Input records -

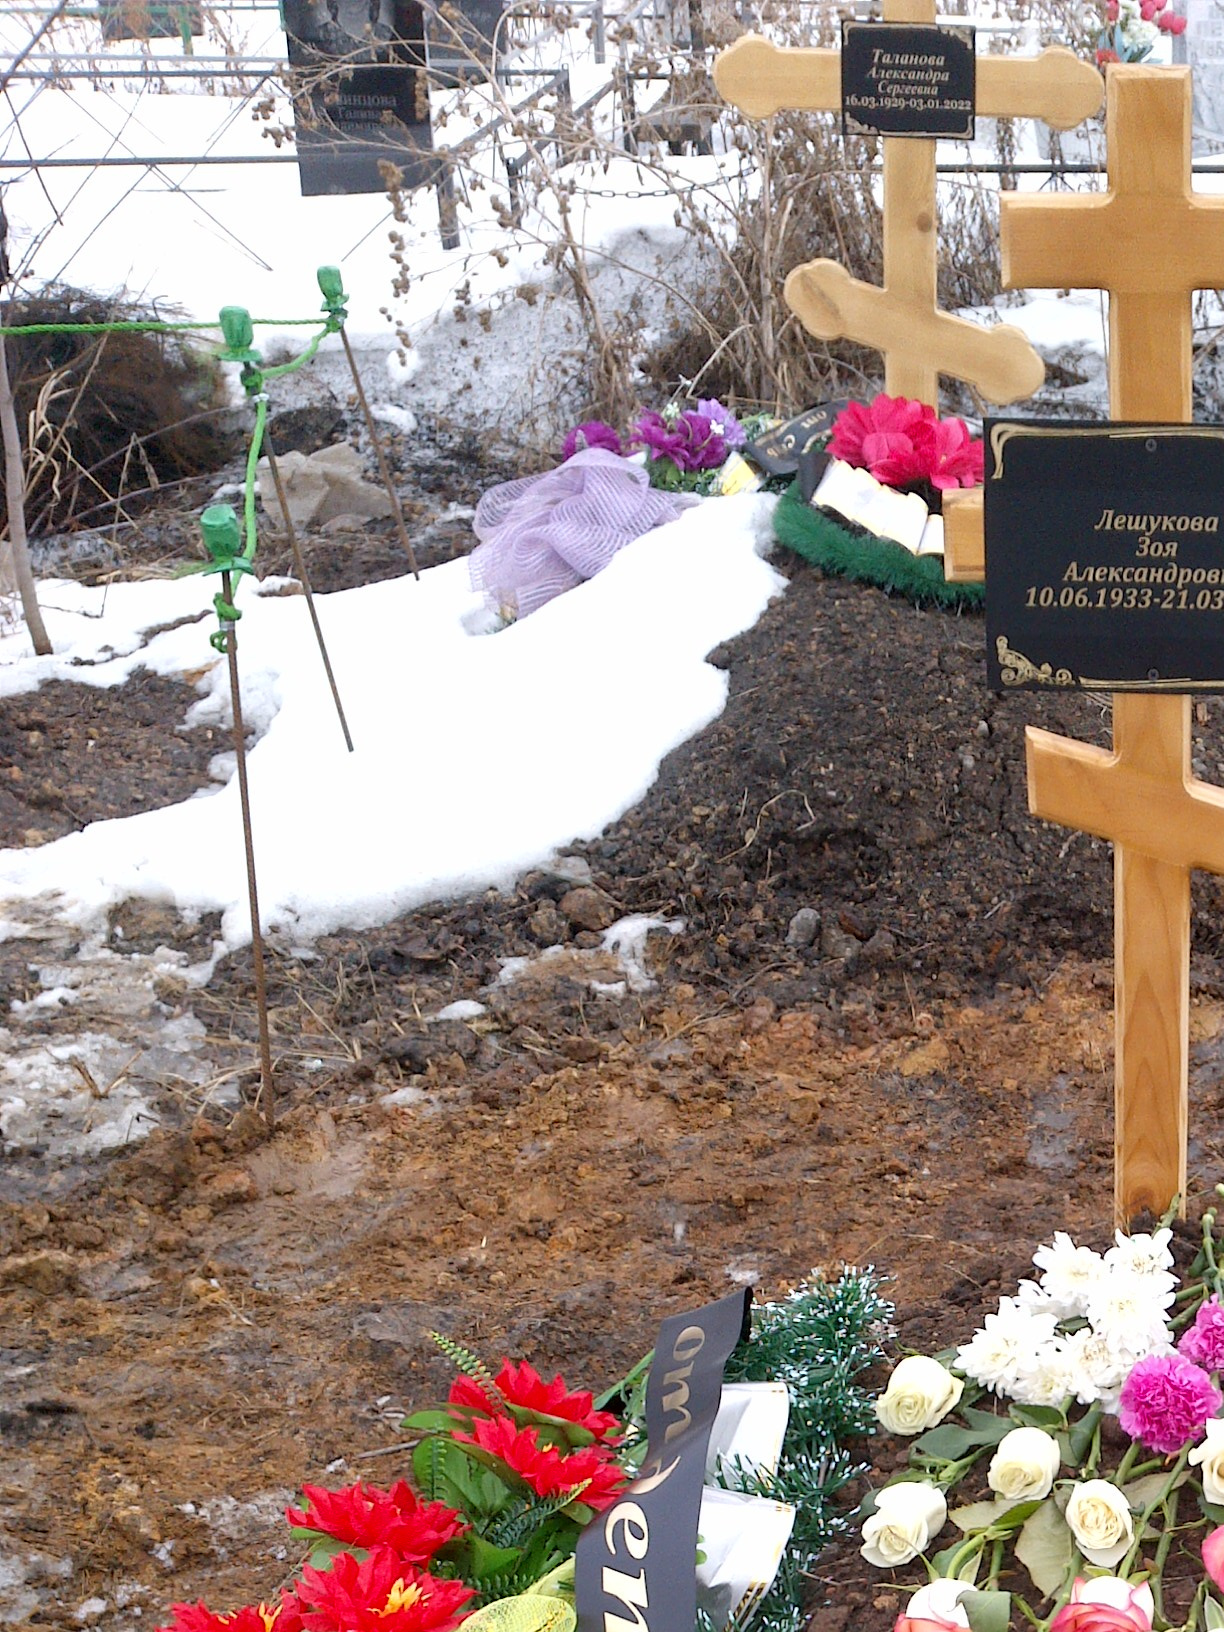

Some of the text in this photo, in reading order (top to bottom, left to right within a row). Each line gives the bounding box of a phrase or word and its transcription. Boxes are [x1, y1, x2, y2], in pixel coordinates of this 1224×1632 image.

[872, 48, 945, 66] Таланова
[867, 66, 949, 84] Александра
[877, 80, 938, 97] Сергеевна
[1094, 509, 1219, 536] Лешукова
[1135, 536, 1178, 558] Зоя
[662, 1325, 706, 1444] от
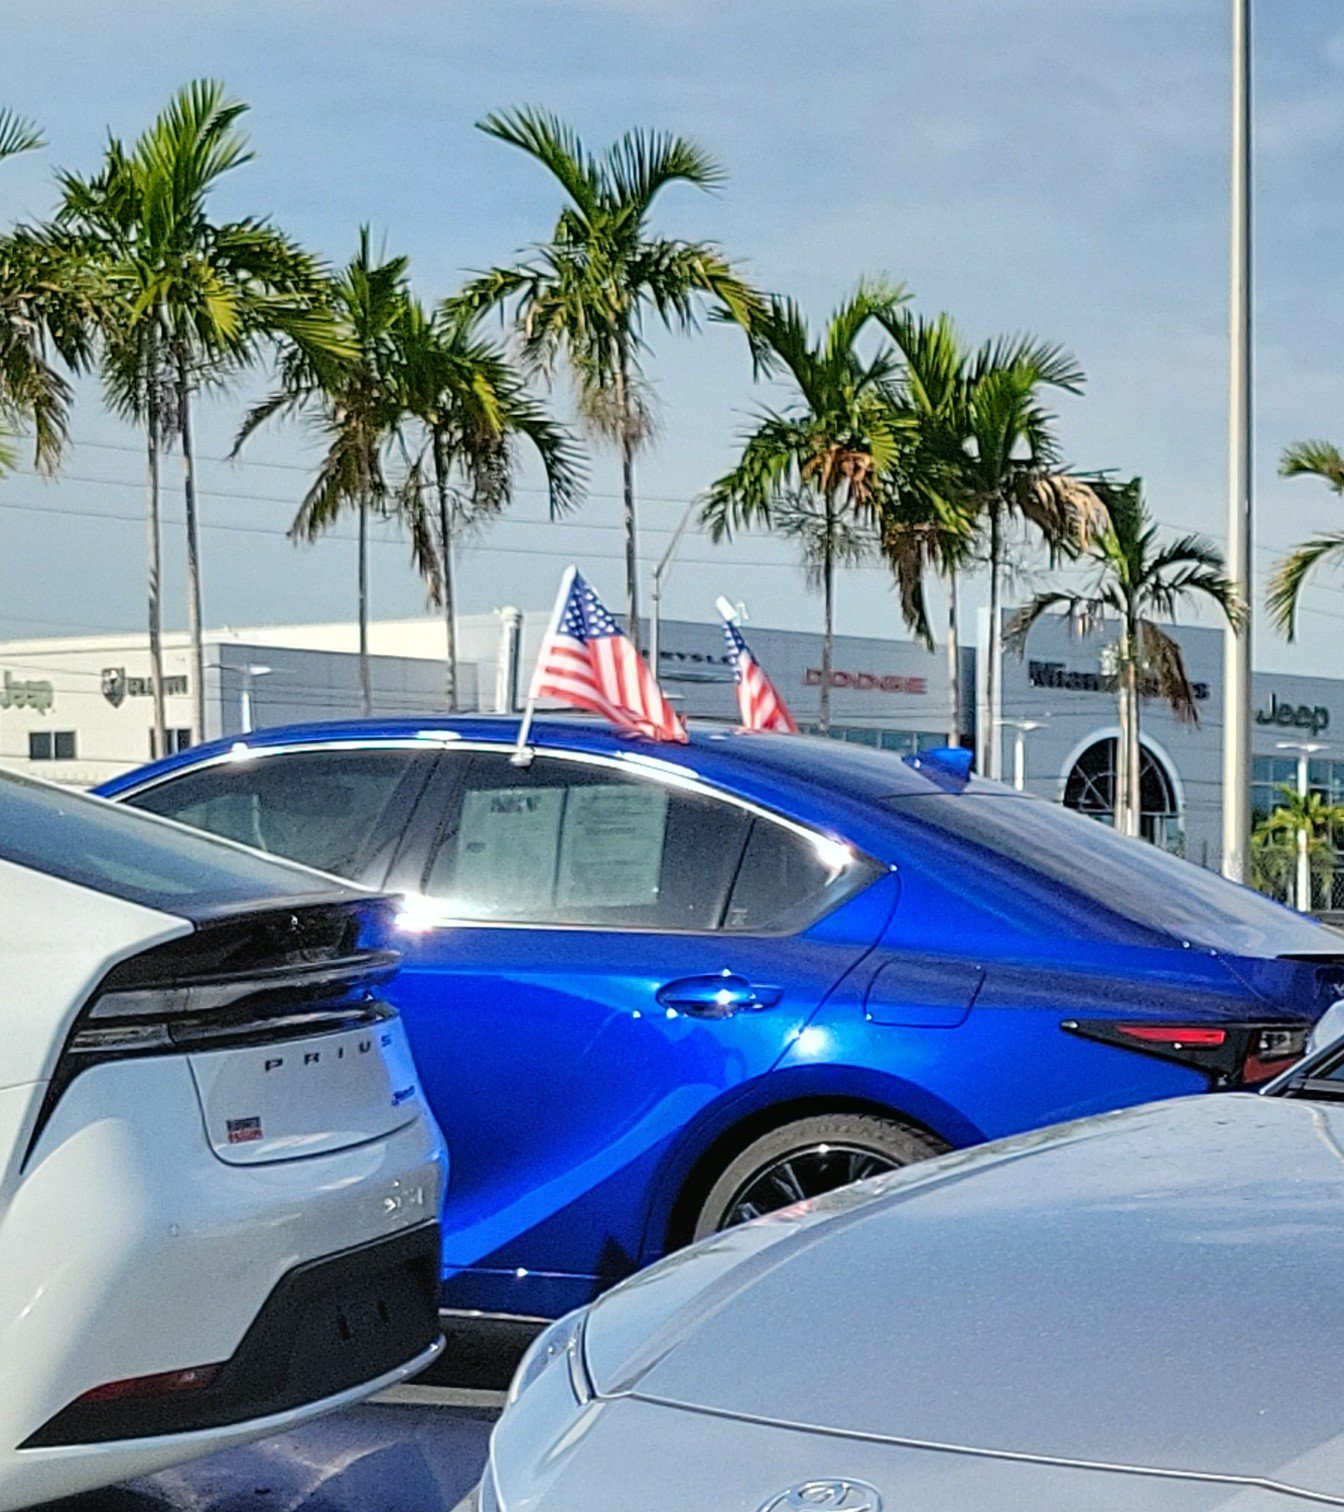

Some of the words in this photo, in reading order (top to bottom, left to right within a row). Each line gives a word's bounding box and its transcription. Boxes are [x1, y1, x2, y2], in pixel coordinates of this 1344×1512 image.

Work instructions - The data should be printed again unchanged; leave its pictures out.

Your solution -
Some of the text in this photo, in reading order (top to bottom, left to right within a row). Each line gives the bounding box of a phrase or word and its transcription. Boxes are [x1, y1, x2, y2], in pixel coordinates of this 1224×1632 image.

[872, 48, 945, 66] Таланова
[867, 66, 949, 84] Александра
[877, 80, 938, 97] Сергеевна
[1094, 509, 1219, 536] Лешукова
[1135, 536, 1178, 558] Зоя
[662, 1325, 706, 1444] от

Some of the words in this photo, in reading order (top to bottom, left to right within a row). Each line gives a word's bounding box and its transcription. Boxes are [x1, y1, x2, y2], in pixel coordinates of this 1344×1512 image.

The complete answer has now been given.